## REQUIRED WORK
A word-for-word copy of the listing is required, and it must contain no pictures.

## DATA EXTRACTS

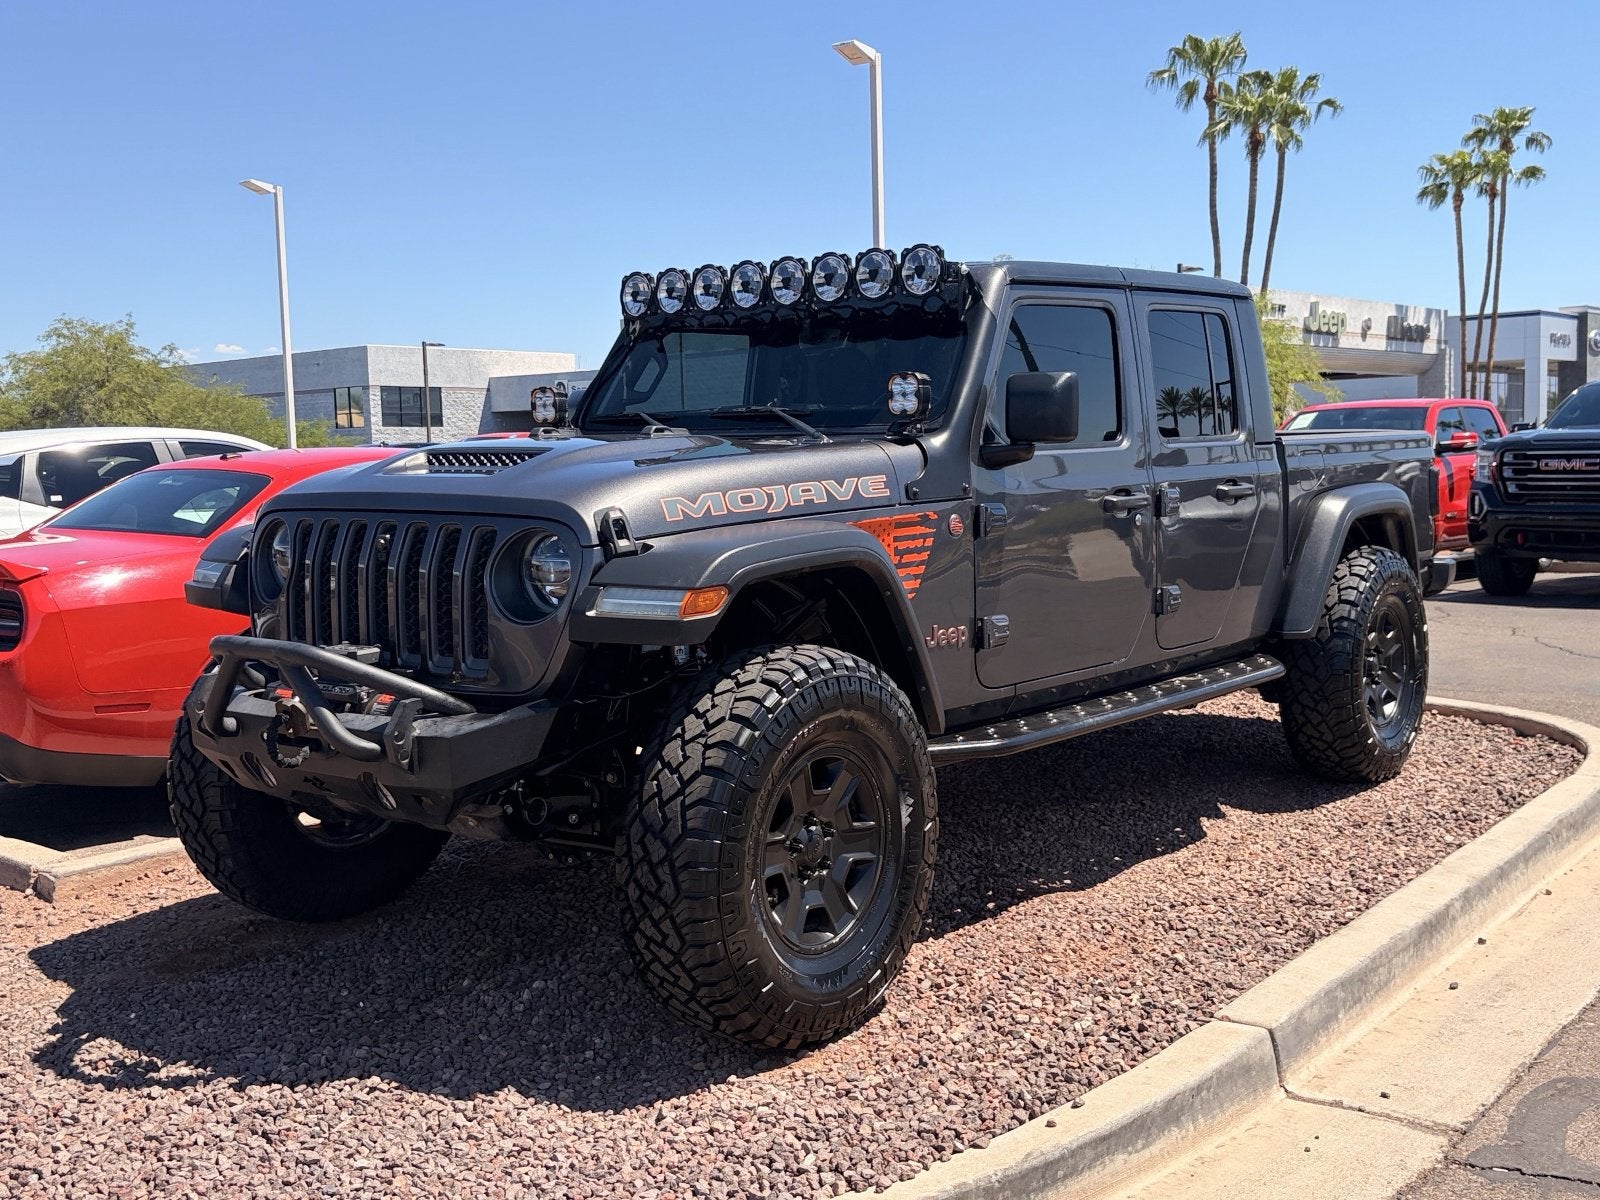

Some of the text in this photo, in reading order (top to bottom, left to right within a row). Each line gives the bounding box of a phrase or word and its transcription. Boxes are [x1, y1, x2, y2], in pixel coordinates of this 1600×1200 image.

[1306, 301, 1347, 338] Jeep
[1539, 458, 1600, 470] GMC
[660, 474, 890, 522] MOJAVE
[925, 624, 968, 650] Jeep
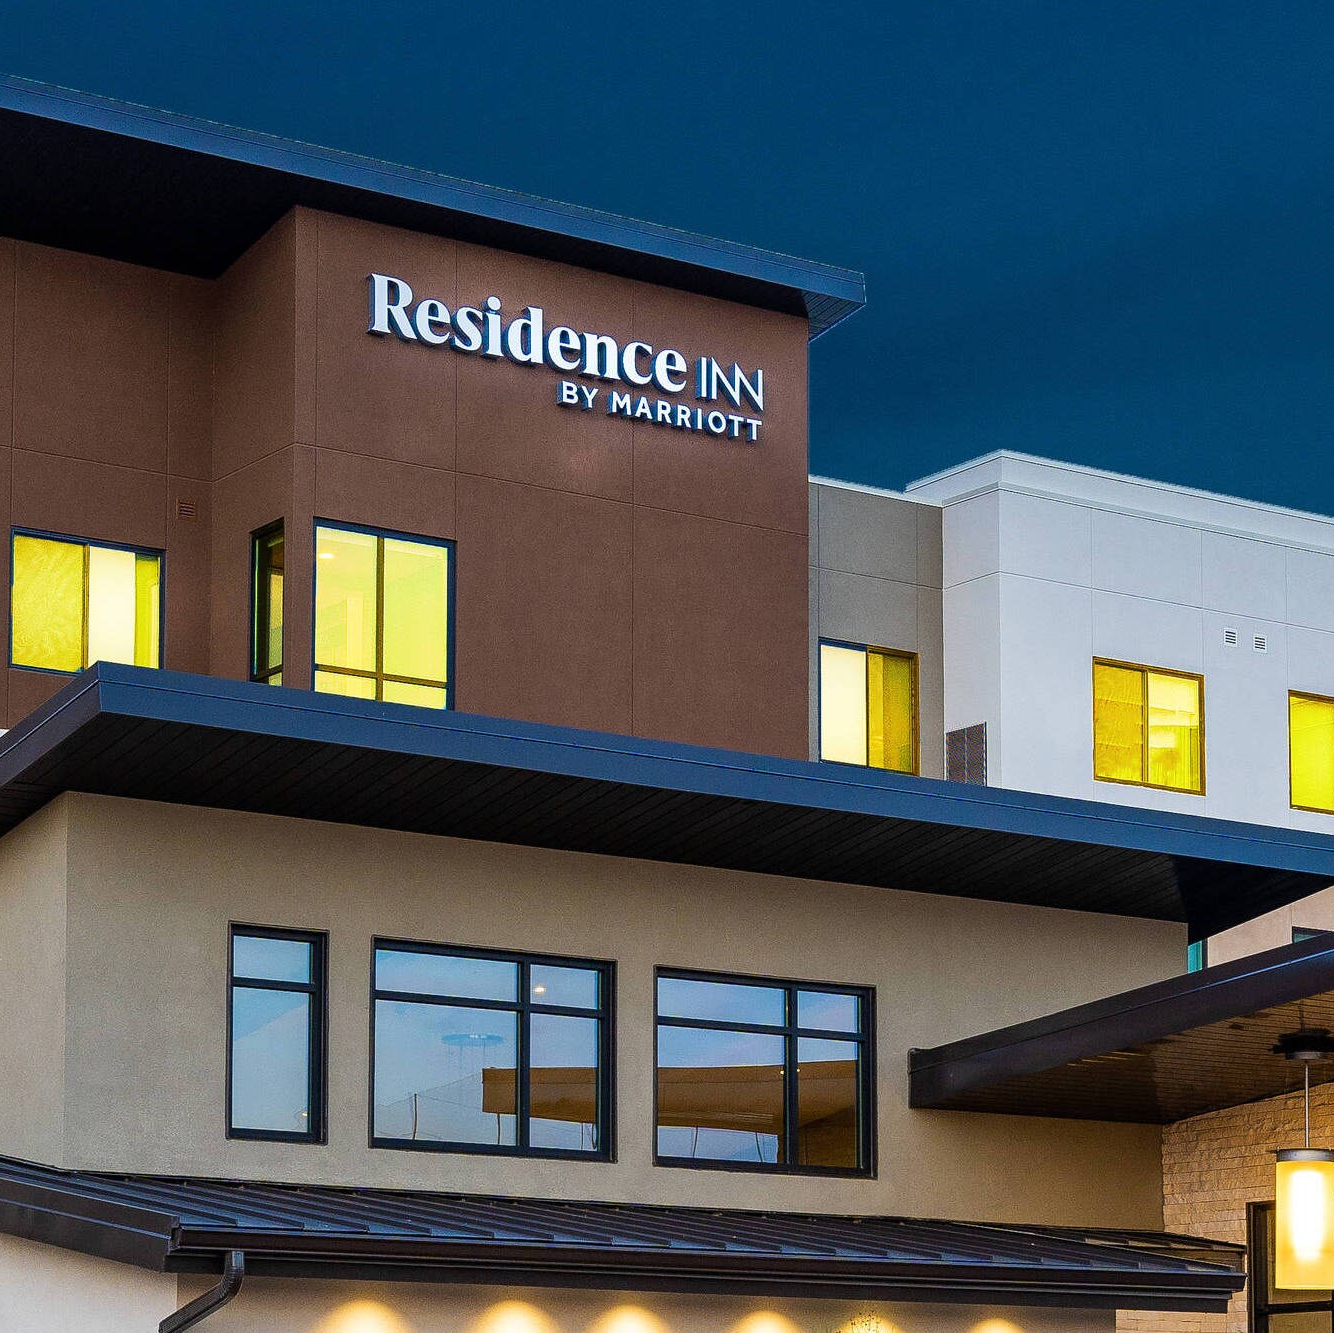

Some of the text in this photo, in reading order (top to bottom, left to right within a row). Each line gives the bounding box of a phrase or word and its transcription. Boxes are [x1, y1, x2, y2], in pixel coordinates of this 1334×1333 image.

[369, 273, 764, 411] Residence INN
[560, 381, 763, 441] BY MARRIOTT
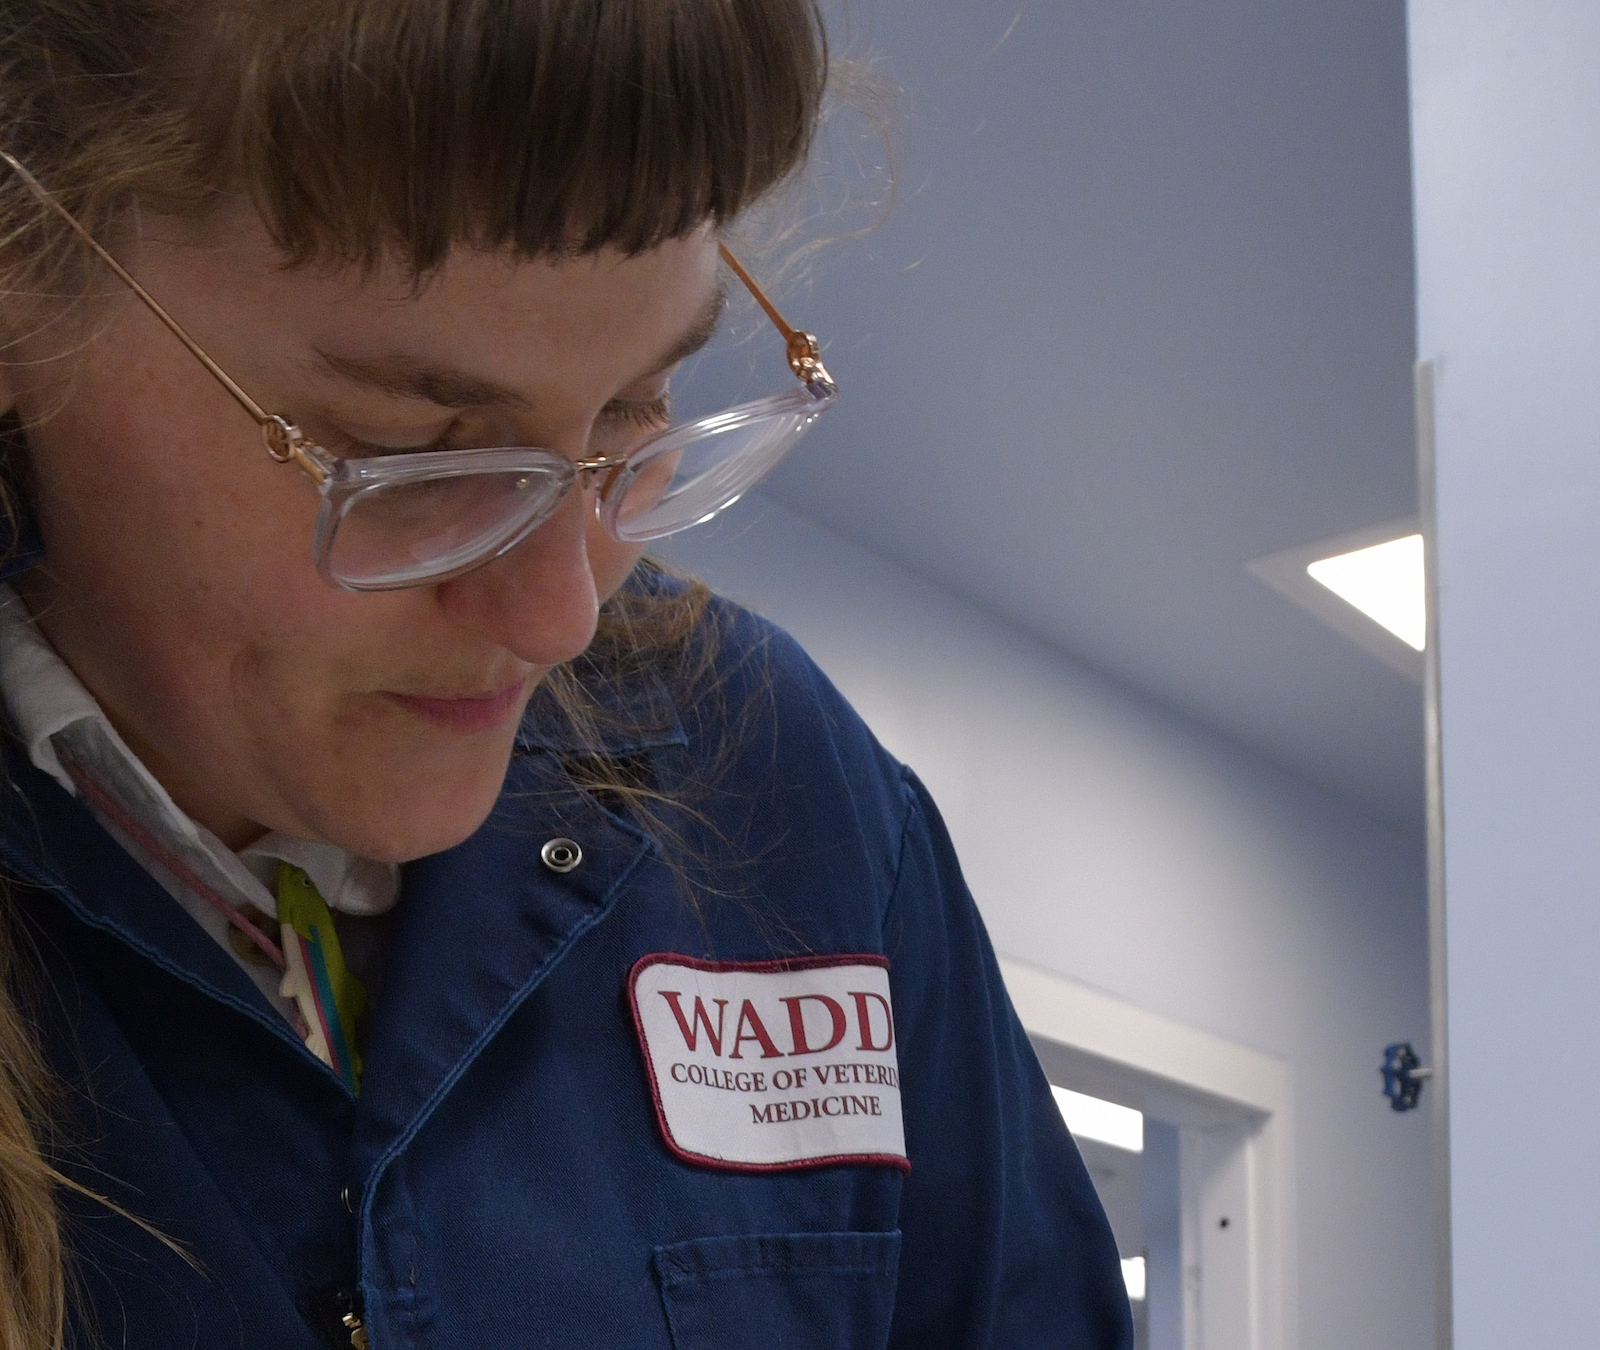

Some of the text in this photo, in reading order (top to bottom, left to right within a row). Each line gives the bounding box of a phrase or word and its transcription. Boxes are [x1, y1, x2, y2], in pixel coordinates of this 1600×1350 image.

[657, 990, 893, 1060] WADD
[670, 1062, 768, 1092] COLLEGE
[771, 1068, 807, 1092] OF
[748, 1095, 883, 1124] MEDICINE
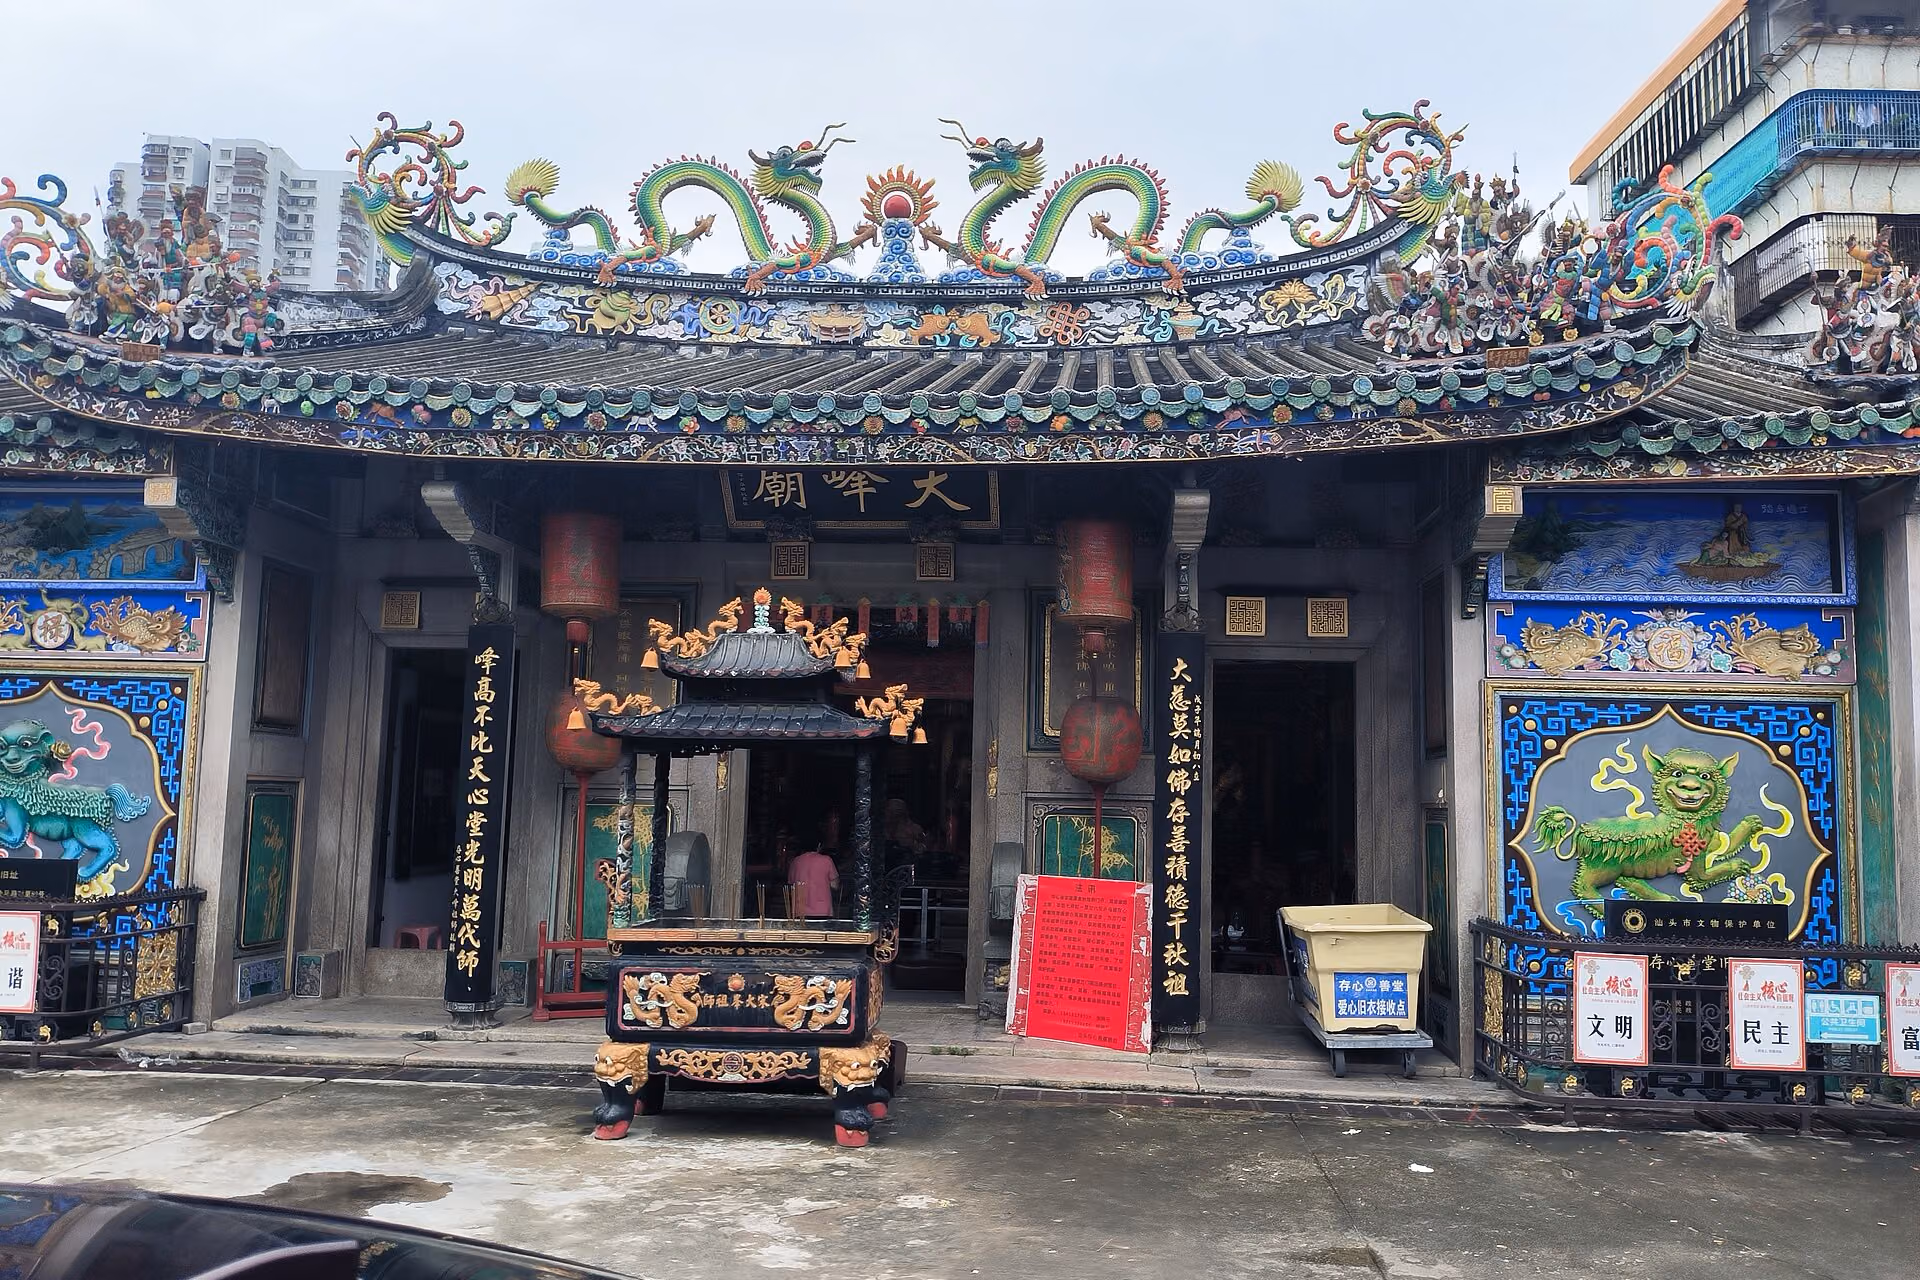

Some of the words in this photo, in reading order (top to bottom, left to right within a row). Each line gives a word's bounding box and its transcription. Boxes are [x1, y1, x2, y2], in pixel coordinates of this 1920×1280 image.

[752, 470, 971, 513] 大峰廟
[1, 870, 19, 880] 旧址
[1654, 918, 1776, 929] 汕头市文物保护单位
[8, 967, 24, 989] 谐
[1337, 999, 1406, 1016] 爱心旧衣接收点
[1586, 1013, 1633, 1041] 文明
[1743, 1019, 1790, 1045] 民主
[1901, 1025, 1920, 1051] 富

## EXERCISE RESPONSE
Some of the text in this photo, in reading order (top to bottom, left to right within a row). Each line gives the bounding box of a phrase or word and its transcription. Boxes are [x1, y1, x2, y2], in pixel coordinates of this 1600×1200 image.

[1306, 301, 1347, 338] Jeep
[1539, 458, 1600, 470] GMC
[660, 474, 890, 522] MOJAVE
[925, 624, 968, 650] Jeep

Some of the text in this photo, in reading order (top to bottom, left to right within a row). Each line gives the bounding box of a phrase or word and its transcription. Boxes are [x1, y1, x2, y2], in pixel coordinates of this 1334×1333 image.

[369, 273, 764, 411] Residence INN
[560, 381, 763, 441] BY MARRIOTT

Some of the text in this photo, in reading order (top to bottom, left to right within a row). Each line gives the bounding box of a phrase or word and its transcription. Boxes are [x1, y1, x2, y2], in pixel coordinates of this 1600×1350 image.

[657, 990, 893, 1060] WADD
[670, 1062, 768, 1092] COLLEGE
[771, 1068, 807, 1092] OF
[748, 1095, 883, 1124] MEDICINE

Some of the words in this photo, in reading order (top to bottom, left to right within a row). Each line gives a word's bounding box and its transcription. Boxes are [x1, y1, x2, y2], in pixel coordinates of this 1920×1280 image.

[752, 470, 971, 513] 大峰廟
[1, 870, 19, 880] 旧址
[1654, 918, 1776, 929] 汕头市文物保护单位
[8, 967, 24, 989] 谐
[1337, 999, 1406, 1016] 爱心旧衣接收点
[1586, 1013, 1633, 1041] 文明
[1743, 1019, 1790, 1045] 民主
[1901, 1025, 1920, 1051] 富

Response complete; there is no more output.